Exercise aim — Transcribe each record exactly, but omit pictures.
Source data below:
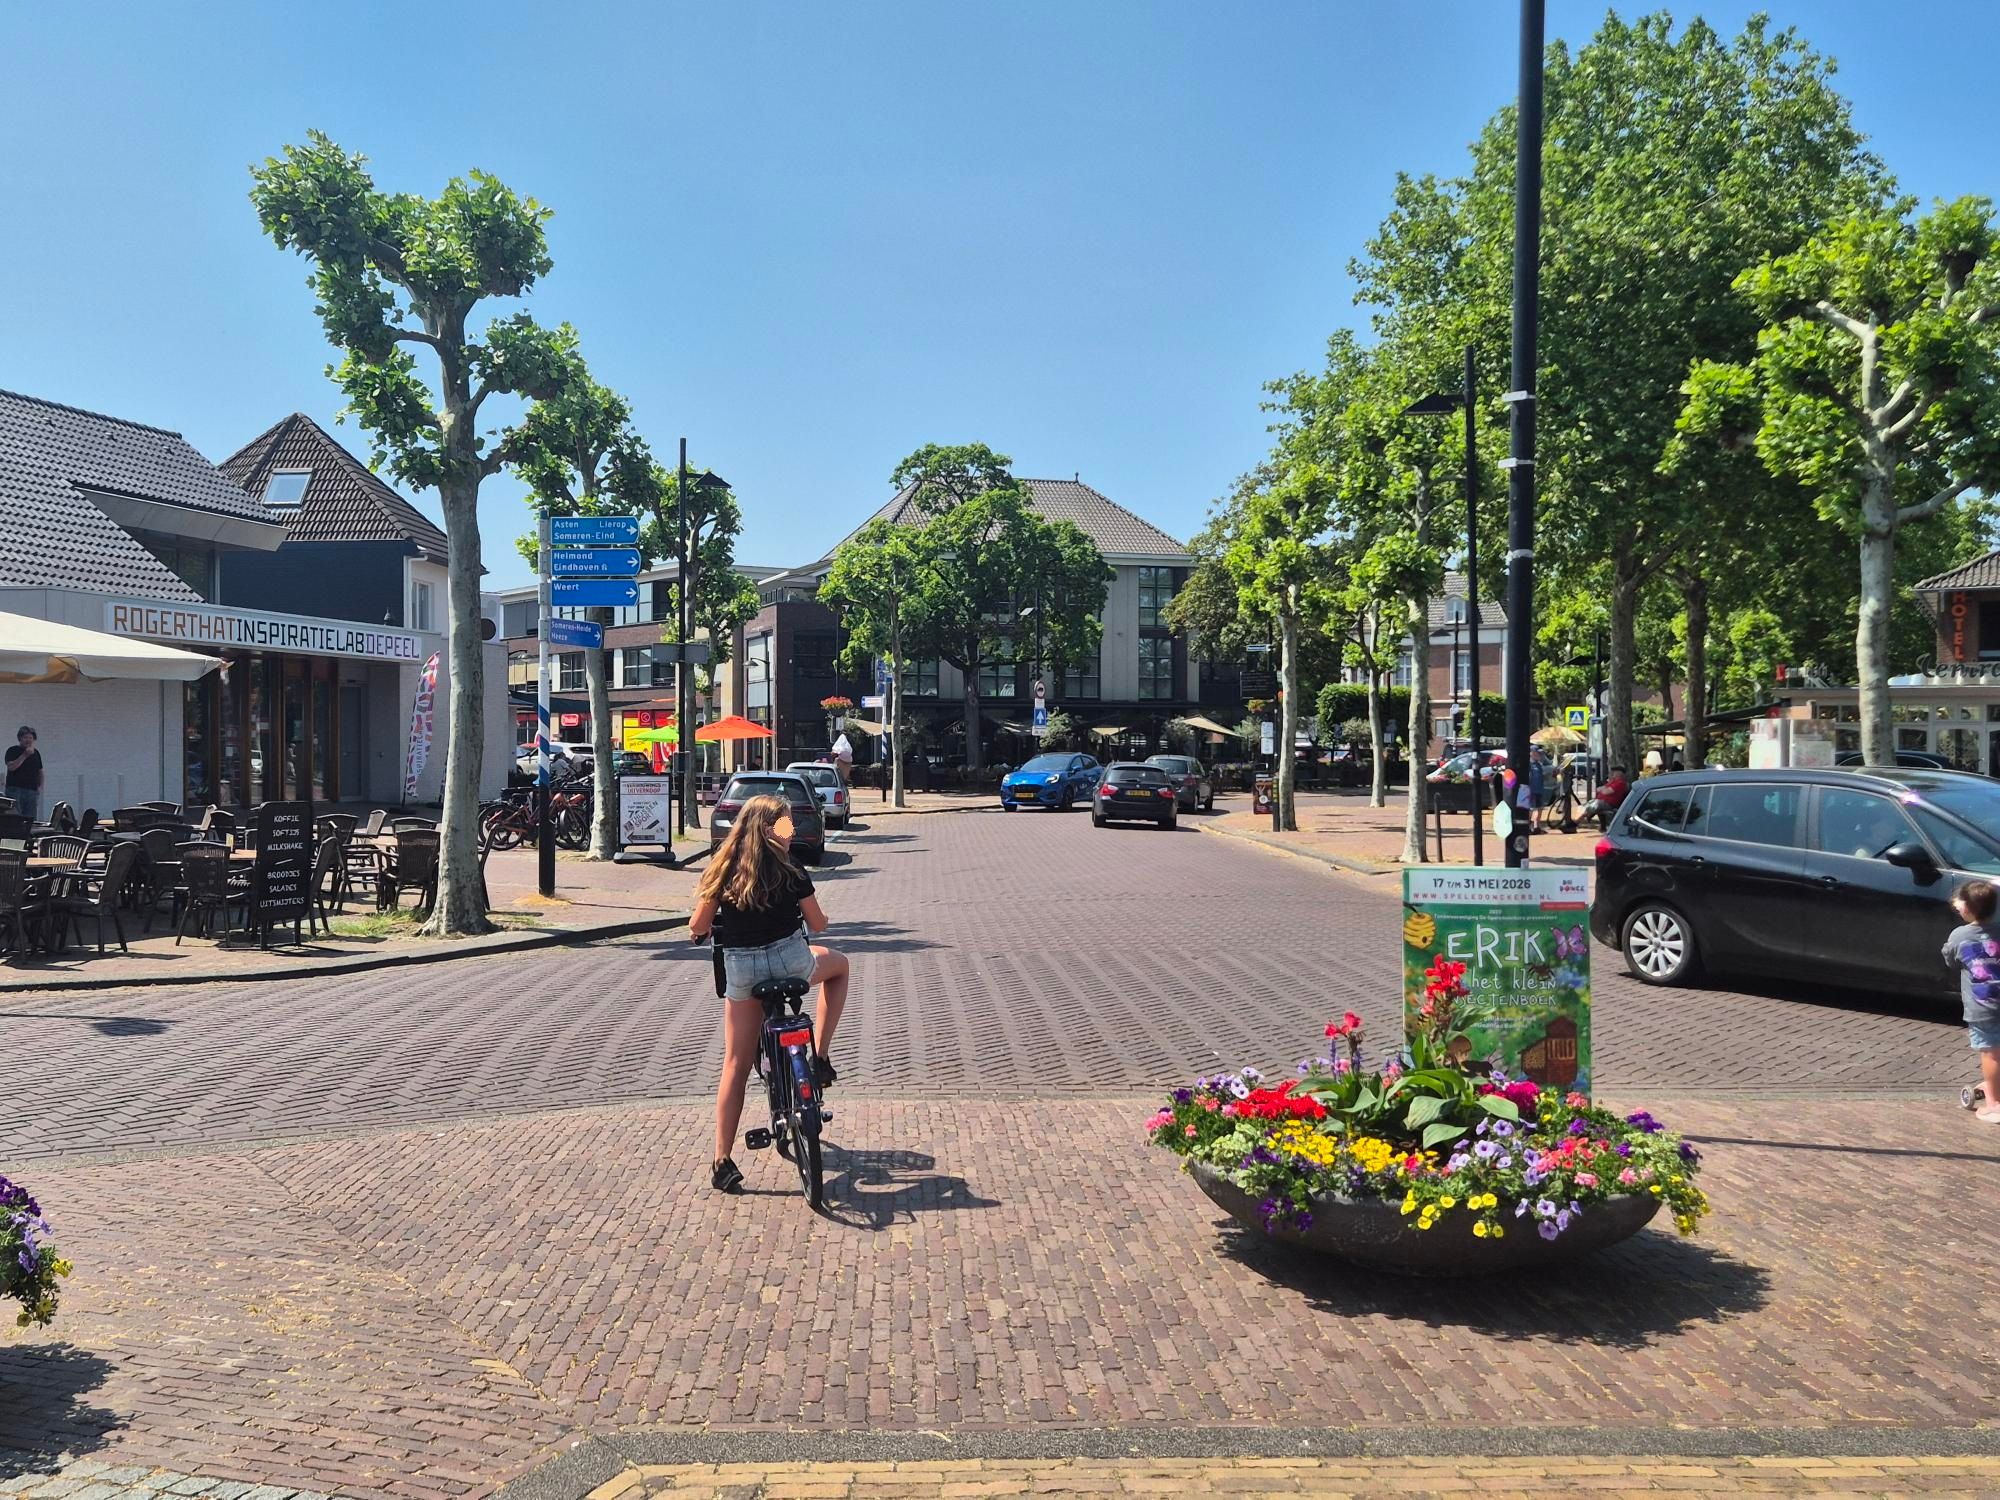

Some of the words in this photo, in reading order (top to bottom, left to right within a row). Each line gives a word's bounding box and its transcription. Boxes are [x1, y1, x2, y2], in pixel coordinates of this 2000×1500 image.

[554, 520, 579, 528] Asten
[599, 520, 627, 529] Lierop
[554, 532, 615, 540] Someren-Eind
[553, 552, 593, 560] Helmond
[553, 563, 599, 571] Eindhoven
[553, 583, 580, 591] Weert
[551, 621, 592, 633] Someren-Heide
[1951, 591, 1968, 660] HOTEL
[273, 815, 300, 823] KOFFIE
[267, 842, 304, 851] MILKSHAKE
[1433, 878, 1445, 888] 17
[1463, 878, 1475, 889] 31
[1478, 878, 1500, 889] MEI
[1502, 878, 1532, 889] 2026
[269, 884, 297, 893] SALADES
[1447, 923, 1546, 968] ERIK
[1472, 967, 1503, 989] het
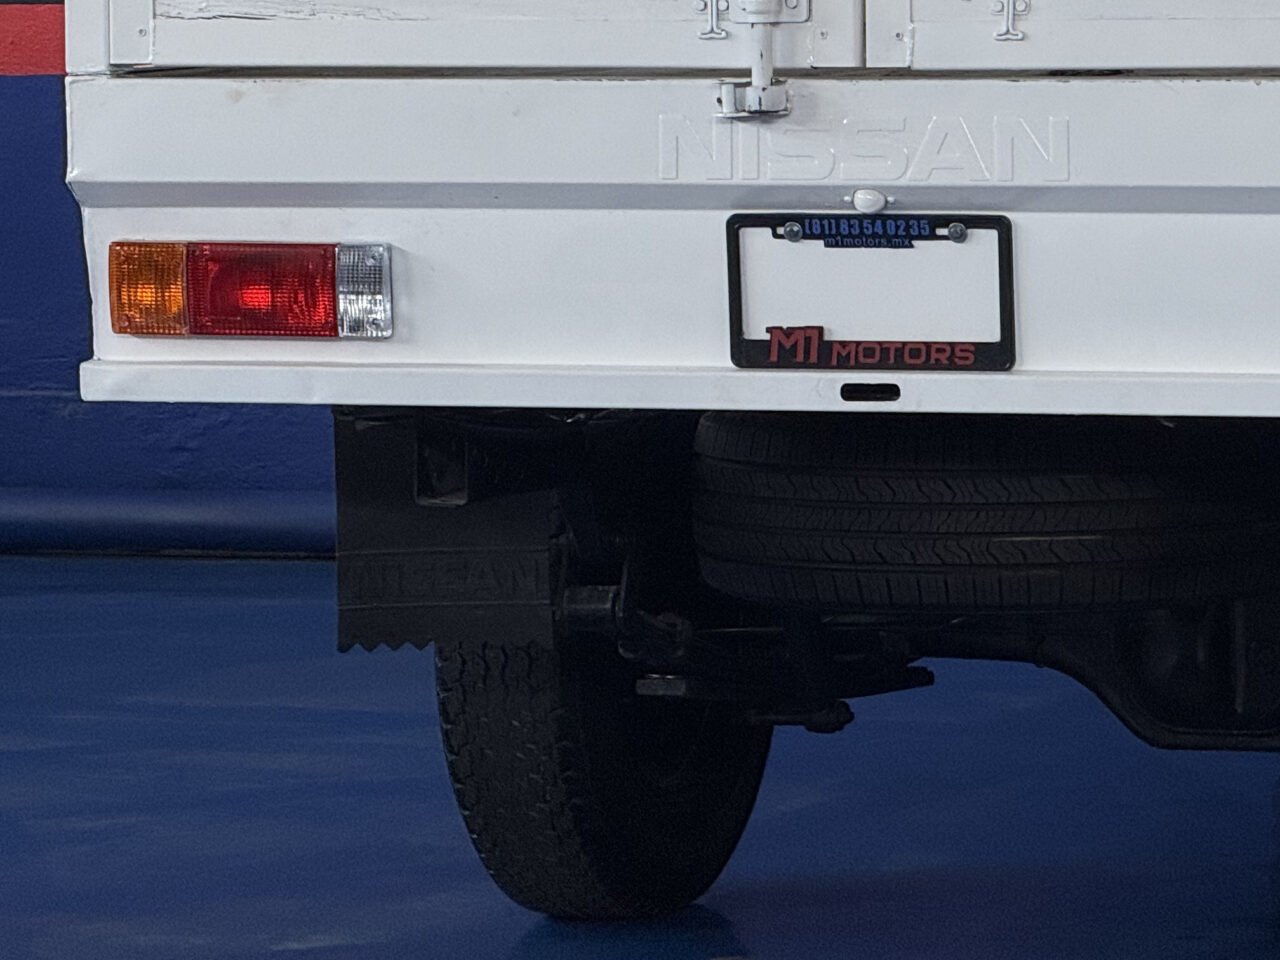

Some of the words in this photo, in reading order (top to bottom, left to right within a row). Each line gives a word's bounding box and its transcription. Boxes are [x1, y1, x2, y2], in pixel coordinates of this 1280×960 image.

[657, 113, 1072, 182] NISSAN
[823, 237, 911, 248] m1motors.mx
[767, 326, 821, 365] M1
[830, 341, 976, 367] MOTORS
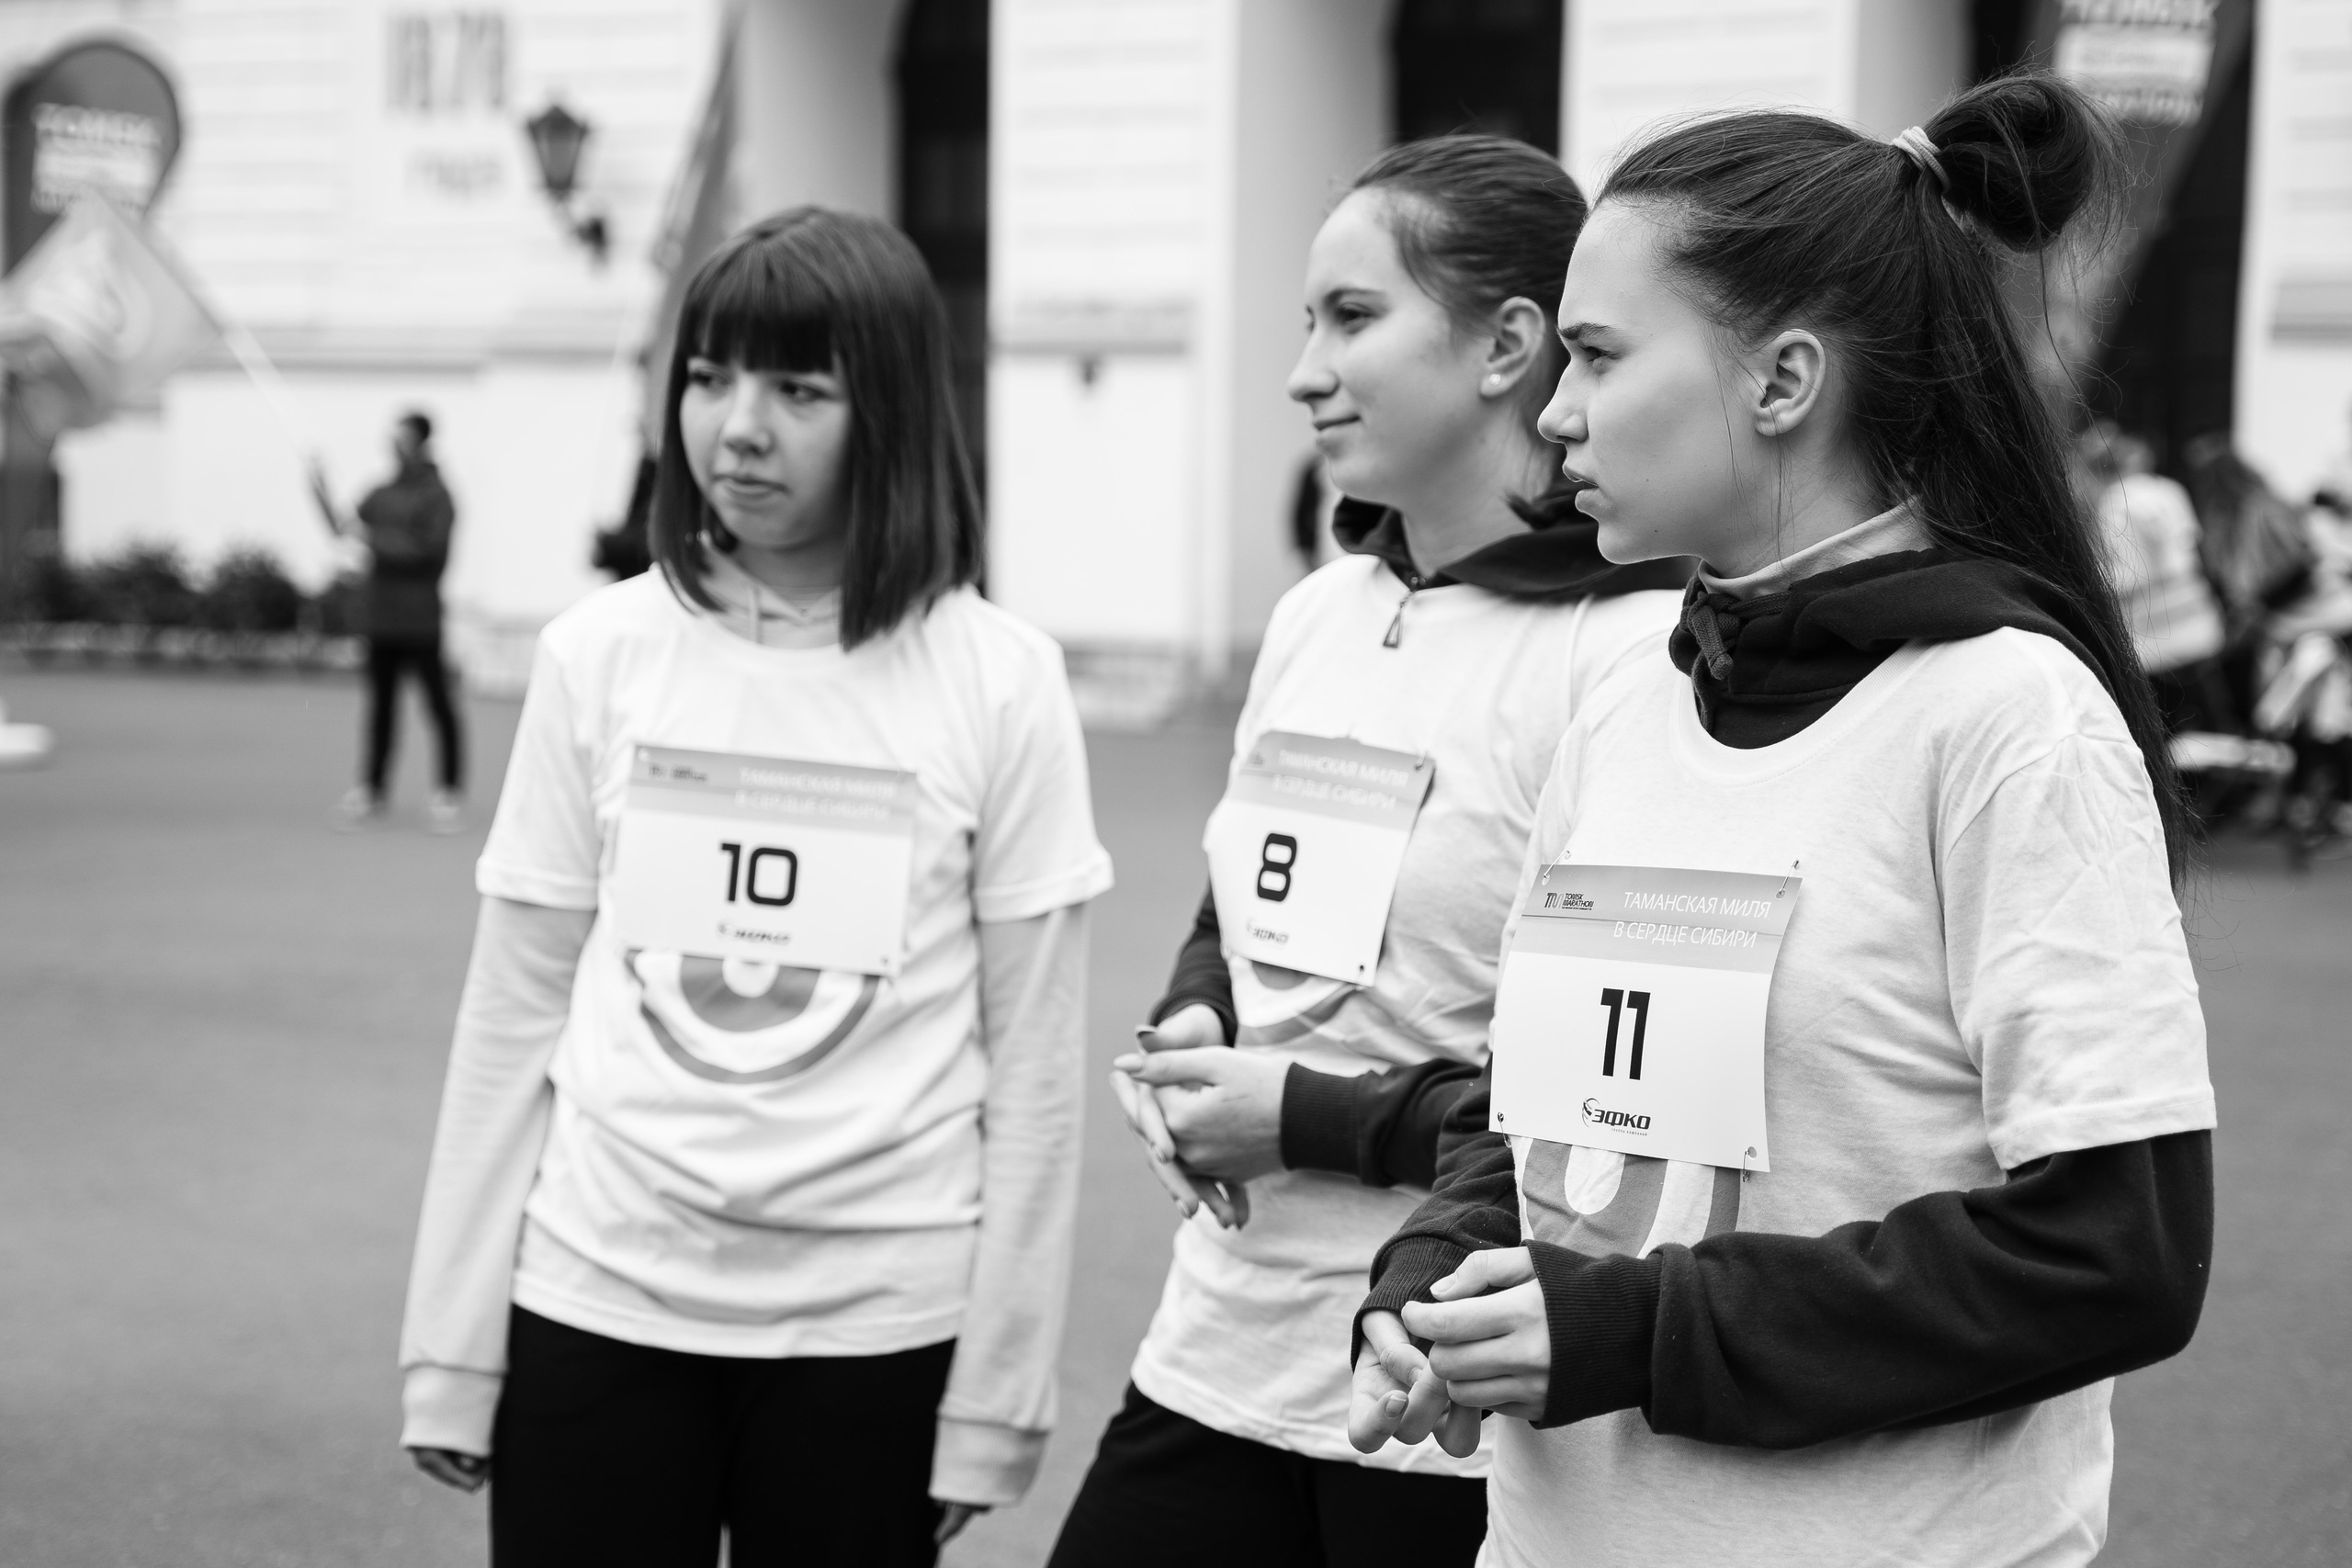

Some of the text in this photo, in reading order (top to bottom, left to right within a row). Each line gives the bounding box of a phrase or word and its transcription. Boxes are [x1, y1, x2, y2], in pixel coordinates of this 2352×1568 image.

[719, 841, 798, 907] 10
[1257, 832, 1297, 902] 8
[1562, 899, 1594, 908] MARATHON
[1623, 891, 1771, 919] ТАМАНСКАЯ МИЛЯ
[1613, 921, 1758, 948] В СЕРДЦЕ СИБИРИ
[1600, 987, 1651, 1081] 11
[1591, 1109, 1651, 1130] ЭФКО
End of Source data.
Problem solution —
Some of the words in this photo, in reading order (top to bottom, left to right within a row). Each line gives a word's bounding box and its transcription. Boxes are [x1, y1, x2, y2], in pixel coordinates of this 2000×1500 image.

[554, 520, 579, 528] Asten
[599, 520, 627, 529] Lierop
[554, 532, 615, 540] Someren-Eind
[553, 552, 593, 560] Helmond
[553, 563, 599, 571] Eindhoven
[553, 583, 580, 591] Weert
[551, 621, 592, 633] Someren-Heide
[1951, 591, 1968, 660] HOTEL
[273, 815, 300, 823] KOFFIE
[267, 842, 304, 851] MILKSHAKE
[1433, 878, 1445, 888] 17
[1463, 878, 1475, 889] 31
[1478, 878, 1500, 889] MEI
[1502, 878, 1532, 889] 2026
[269, 884, 297, 893] SALADES
[1447, 923, 1546, 968] ERIK
[1472, 967, 1503, 989] het

Some of the words in this photo, in reading order (top to bottom, left to right within a row). Each line gives a word's bounding box and its transcription. Boxes are [x1, y1, x2, y2], in pixel coordinates of this 1280×960 image.

[657, 113, 1072, 182] NISSAN
[823, 237, 911, 248] m1motors.mx
[767, 326, 821, 365] M1
[830, 341, 976, 367] MOTORS

Some of the text in this photo, in reading order (top to bottom, left to right within a row). Each line gives the bounding box of a phrase or word and its transcription. Boxes are [x1, y1, x2, y2], in pixel coordinates of this 2352×1568 image.

[719, 841, 798, 907] 10
[1257, 832, 1297, 902] 8
[1562, 899, 1594, 908] MARATHON
[1623, 891, 1771, 919] ТАМАНСКАЯ МИЛЯ
[1613, 921, 1758, 948] В СЕРДЦЕ СИБИРИ
[1600, 987, 1651, 1081] 11
[1591, 1109, 1651, 1130] ЭФКО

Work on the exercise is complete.